Dry Eye

Dry eye is a condition in which a person doesn't have enough quality tears to lubricate and nourish the eye.

Dry eye refers to conditions that cause problems with tear production or the quality of tears. Although dry eye symptoms can affect people at almost any age, it tends to occur more often in older individuals. Dry eyes can turn into a chronic condition that causes ongoing discomfort and vision problems. However, there are ways to manage dry eye symptoms for relief.

Low Amount of Tears
Dry eye conditions can develop due to problems that cause a low amount of tear production. Glands in the eyes need to make an adequate amount of tears in order to protect eye surfaces. These tears also play a role in ensuring clear vision. Problems with tear glands typically start occurring as people age.

Poor Tear Quality
For some people, dry eyes occur due to poor tear quality. Tears consist of layers of mucus, oil and water. Mucus distributes tears across the eye’s surface, and oil stops tears from evaporating or drying up too quickly. In some cases, problems with the water layer lead to dry eye symptoms.

Risk Factors


People over 50 years old start to have a higher risk of developing dry eyes as they get older. The eyes produce fewer tears overall as part of the aging process. Dry eye symptoms are common in people over 65 years old.

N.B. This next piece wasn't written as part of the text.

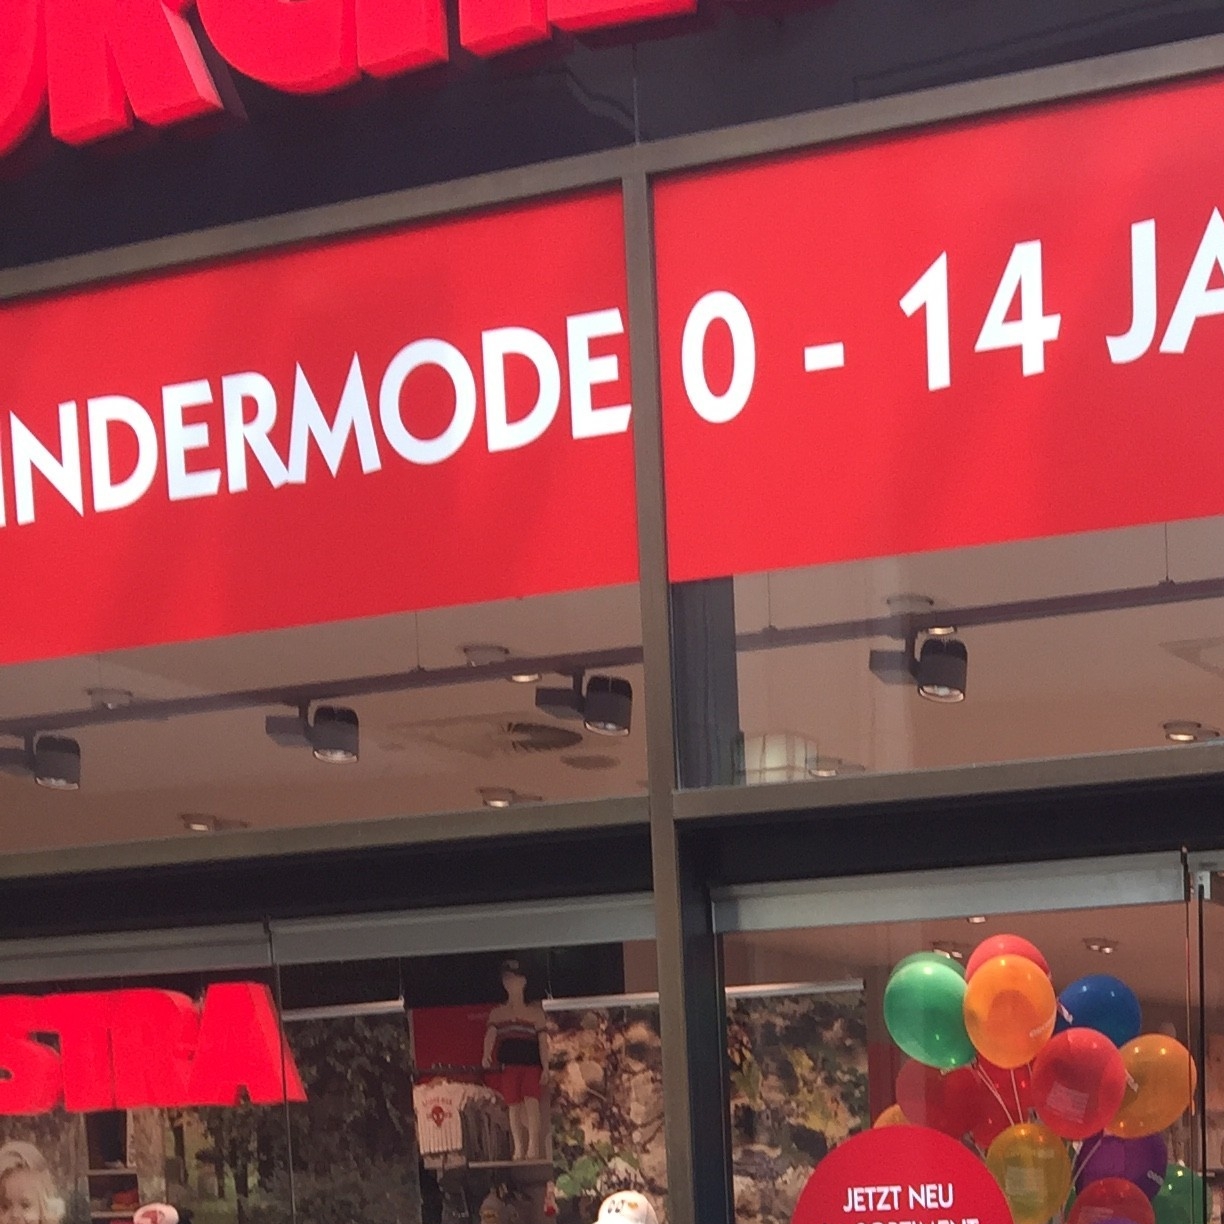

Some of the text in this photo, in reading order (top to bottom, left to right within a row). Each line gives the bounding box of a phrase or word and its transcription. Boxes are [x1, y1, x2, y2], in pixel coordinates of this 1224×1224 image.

Some types of medication, such as medication for high blood pressure, can result in decreased tear production and a higher risk of dry eyes. Decongestants, antihistamines and antidepressants can also cause this to occur.


Being exposed to smoke on a regular basis can cause tears to evaporate more quickly, leading to dry eye conditions.


Women have an increased risk of dry eyes due to pregnancy, menopause and other hormonal changes. Taking oral birth control pills can also raise the risk of having dry eye conditions.

Underlying Health Issues

People who have certain underlying medical conditions, such as thyroid issues or diabetes, have a higher risk of developing dry eyes.

Eye Problems

Certain eye problems, such as eyelid inflammation known as blepharitis or eye inflammation, have an increased risk of experiencing dry eye symptoms.


Having a diet that includes low amounts of omega-3 fatty acids or vitamin A has been associated with a higher risk of having dry eyes.

Windy Conditions

Exposure to windy conditions regularly, especially in a dry environment, is linked to a higher risk of dry eye symptoms.

Dry Climate

Living in a dry climate can lead to rapid evaporation of tears, which increases the chance of developing dry eyes.

Infrequent Blinking

Staring at a computer, tablet or phone screen without blinking often or regularly can raise the risk of having dry eyes.

Refractive Eye Surgery

Having LASIK surgery or another type of refractive eye surgery can reduce tear production, resulting in dry eye symptoms.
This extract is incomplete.